López-Medrano and Blanco decided to apply to the MathWorks Startup Program for the technical support and expertise needed to get Bitsphi’s technology off the ground. Equipped with the MATLAB Suite from the startup program, they began testing their model and analysing the brain data with Signal Processing Toolbox and MATLAB. After these early tests, they determined their model accurately predicted which participants had ADHD diagnoses.
“The control group performed better than the ADHD group on the go/no-go test,” López-Medrano said. “The data showed the connection between ventral and dorsal attention networks was much more efficient in the control group than in the ADHD group.”
While their model was successful, the team knew the model would never be commercially viable if it required data from MEG scans. MEG scanners are expensive, bulky and hard to come by — in Spain, for instance, there are only three MEG scanners. Now the Bitsphi team is working to give their model a reality check.
From lab to life
Bitsphi looked to a classic brain imaging technology, electroencephalography (EEG). Scientists and doctors have been using EEG for over a hundred years to record electrical activity emanating from the brain. Though not as accurate as MEG, EEG is inexpensive, portable and available in most hospitals. Through a cap studded with electrodes set tightly against the scalp, EEG records electrical activity from neurons in near-real time. But it lacks the spatial resolution of MEG, which is why the Bitsphi team started with MEG.
“Now, we know what we are looking for, we know what regions are involved, and we are in a much better position to find what we want with EEG,” Blanco said.

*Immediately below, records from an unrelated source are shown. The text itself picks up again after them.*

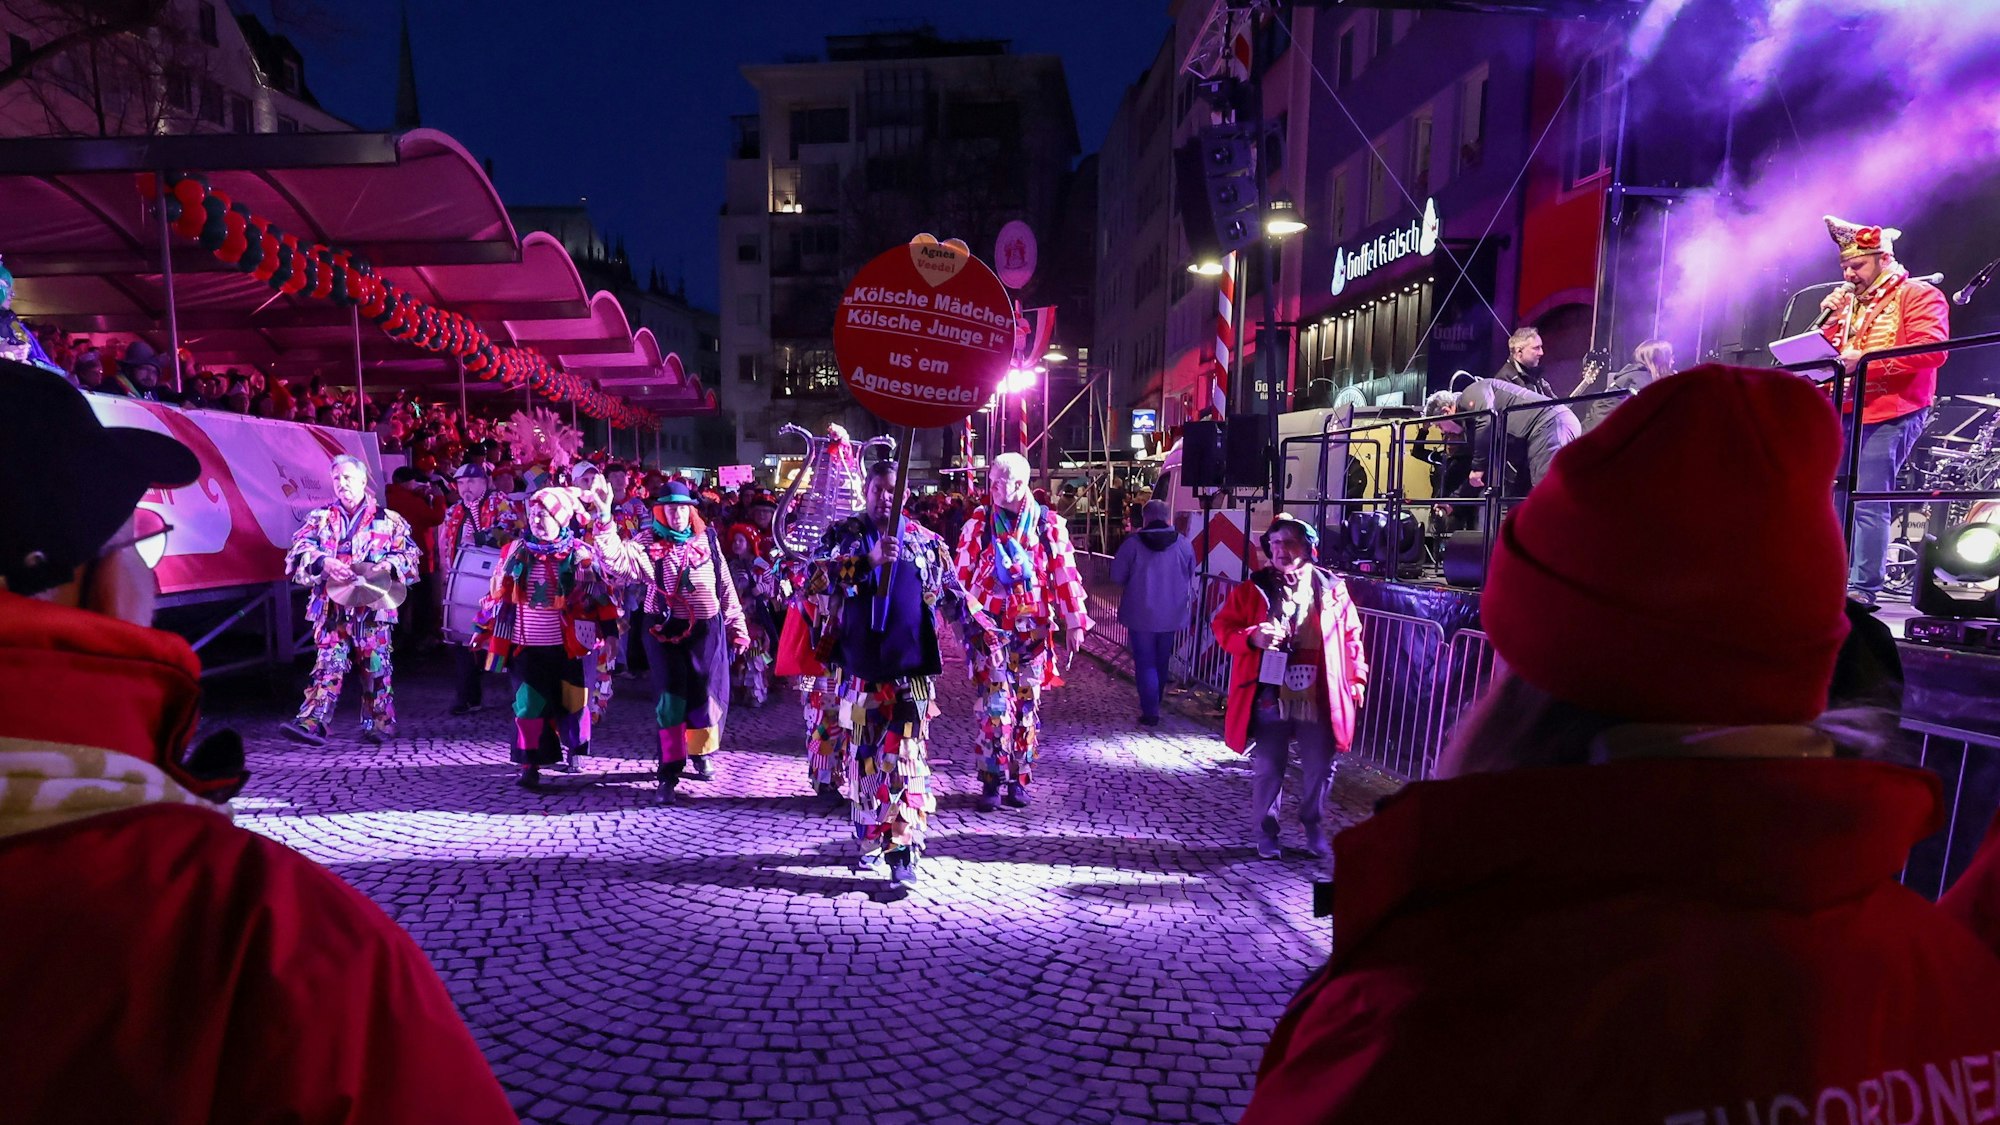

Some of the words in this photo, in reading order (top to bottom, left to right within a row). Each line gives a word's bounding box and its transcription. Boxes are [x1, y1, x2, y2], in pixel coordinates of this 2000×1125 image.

[920, 246, 956, 259] Agnes
[1347, 239, 1378, 281] Gaffel
[1379, 219, 1420, 266] Kölsch
[917, 258, 956, 274] Veedel
[934, 294, 1014, 329] Mädcher
[847, 308, 922, 332] Kölsche
[927, 319, 984, 347] Junge
[889, 351, 913, 369] us
[918, 358, 950, 374] em
[851, 366, 980, 403] Agnesveedel
[1254, 380, 1286, 393] Gael

The Bitsphi team is partnering with a network of hospitals in Madrid to recruit 150 adolescent participants to replicate their MEG results with EEG. To ensure they can find similar biomarkers of ADHD, they’re using MATLAB to translate between MEG and EEG data. “MATLAB allows us to reduce our development efforts and focus on the core of our technology,” Blanco said.
Next, they plan to use a form of artificial intelligence called deep learning to accelerate and automate diagnosis. The data from the EEG electrodes will be used to train a neural network in MATLAB to determine biomarkers based on the connectivity between brain areas. The neural network will streamline data processing, rejecting artefacts from muscle movement or eye blinks during EEG recordings, a task usually requiring a human expert. The resulting deep learning algorithm will compute the probability that a child has ADHD and help determine if the child has the hyperactive and/or inattentive subtype of ADHD.

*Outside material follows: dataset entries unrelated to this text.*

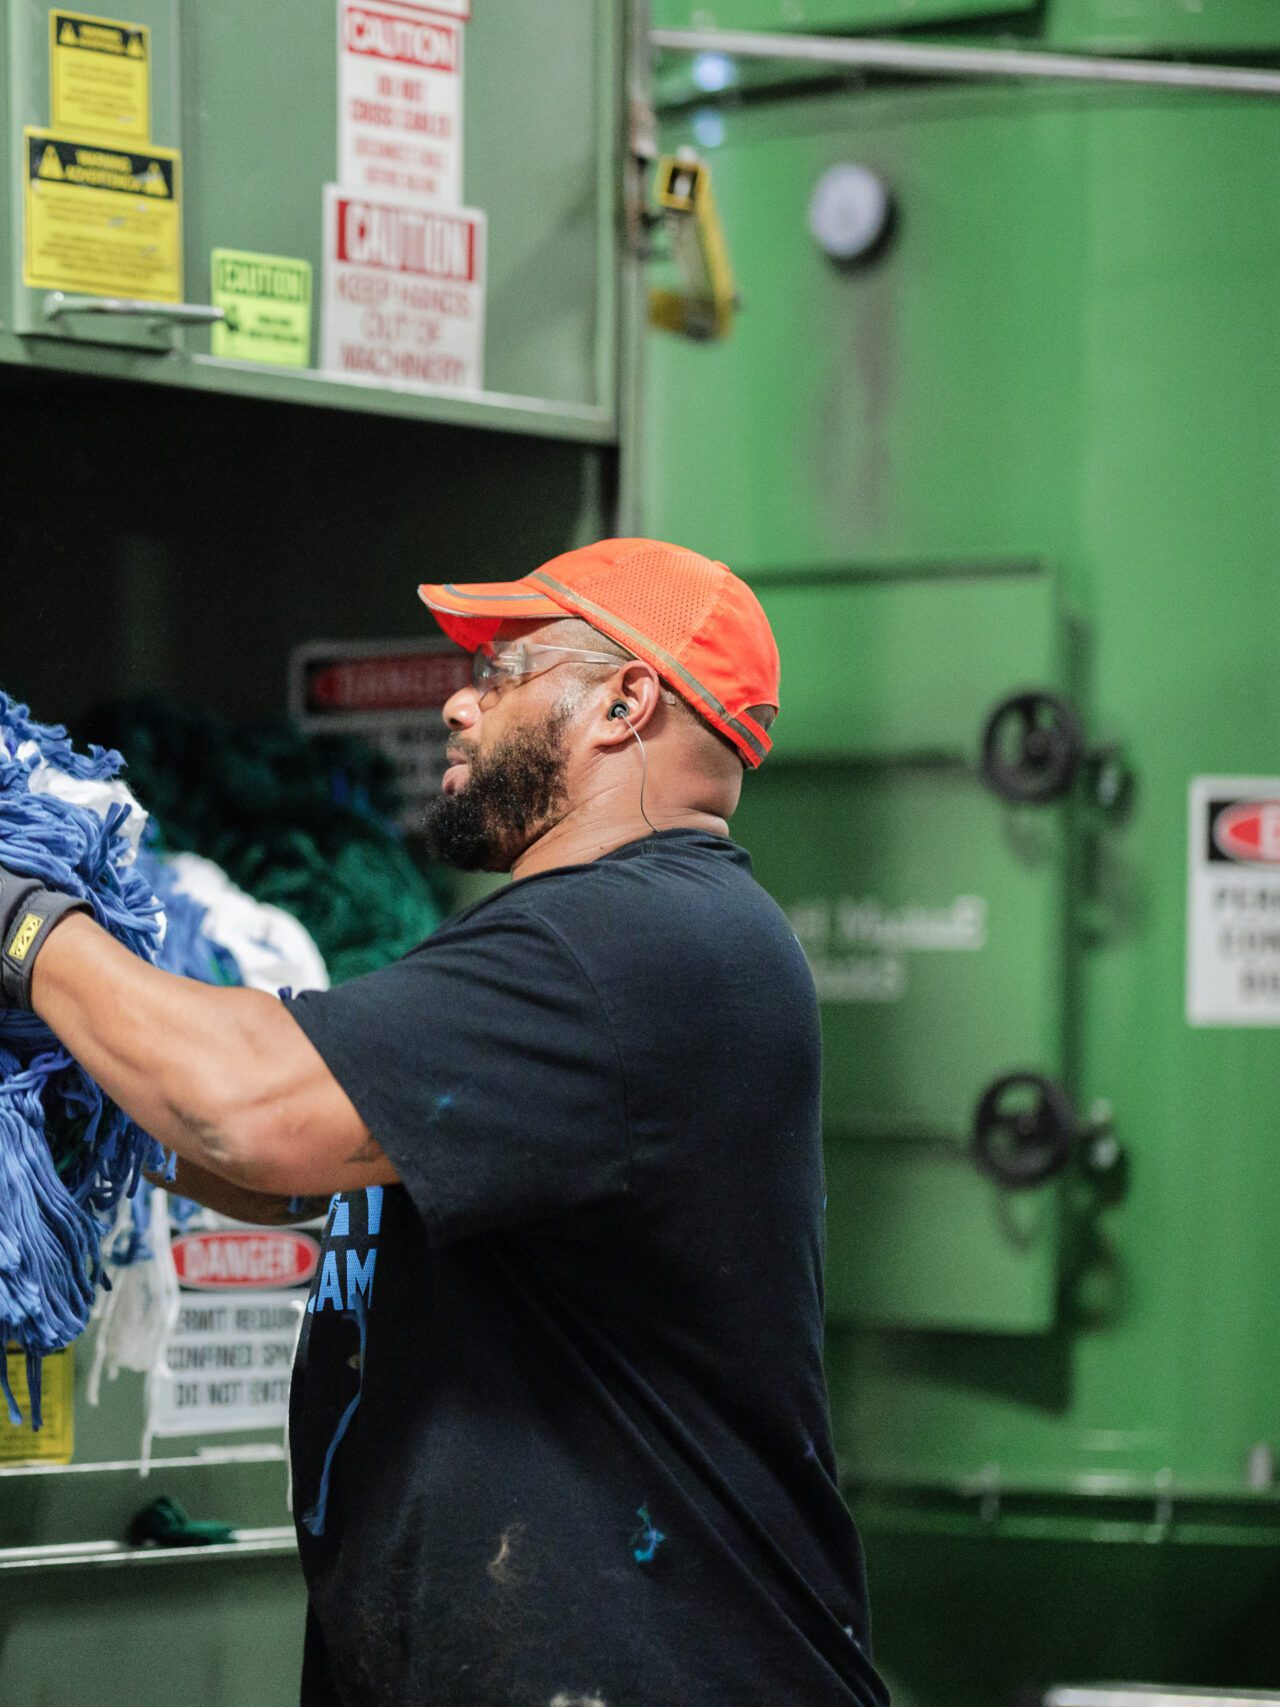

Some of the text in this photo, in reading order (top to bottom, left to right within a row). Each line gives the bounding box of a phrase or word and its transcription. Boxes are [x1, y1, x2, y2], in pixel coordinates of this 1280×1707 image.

[350, 11, 451, 67] CAUTION
[346, 201, 468, 280] CAUTION
[222, 261, 302, 300] CAUTION
[185, 1239, 295, 1281] DANGER
[308, 1249, 377, 1313] AM

As part of the MathWorks Startup Program, the Bitsphi engineers have worked with a MathWorks application engineer to brainstorm commercial directions for their technology and are using MATLAB to develop a clinician-facing application to display test results. The tool has a way to go before it’s ready for market, but López-Medrano envisions it as a diagnostic aid to complement rather than replace the clinician’s diagnosis. “This is something you would use for cases that aren’t clear,” he said, rather than using it to diagnose every patient.
López-Medrano and colleagues expect to release their product in the next year or so. From there, the Bitsphi team has set its sights beyond ADHD.
“The ADHD model could apply to other disorders, such as schizophrenia or autism spectrum disorder,” Blanco said. They’re already planning clinical trials with other disorders to evaluate connectivity patterns that could assist clinicians in diagnosis.
“Using EEG, we’re going to be able to offer this as a worldwide solution available for everyone,” Blanco said. “That’s our mission.”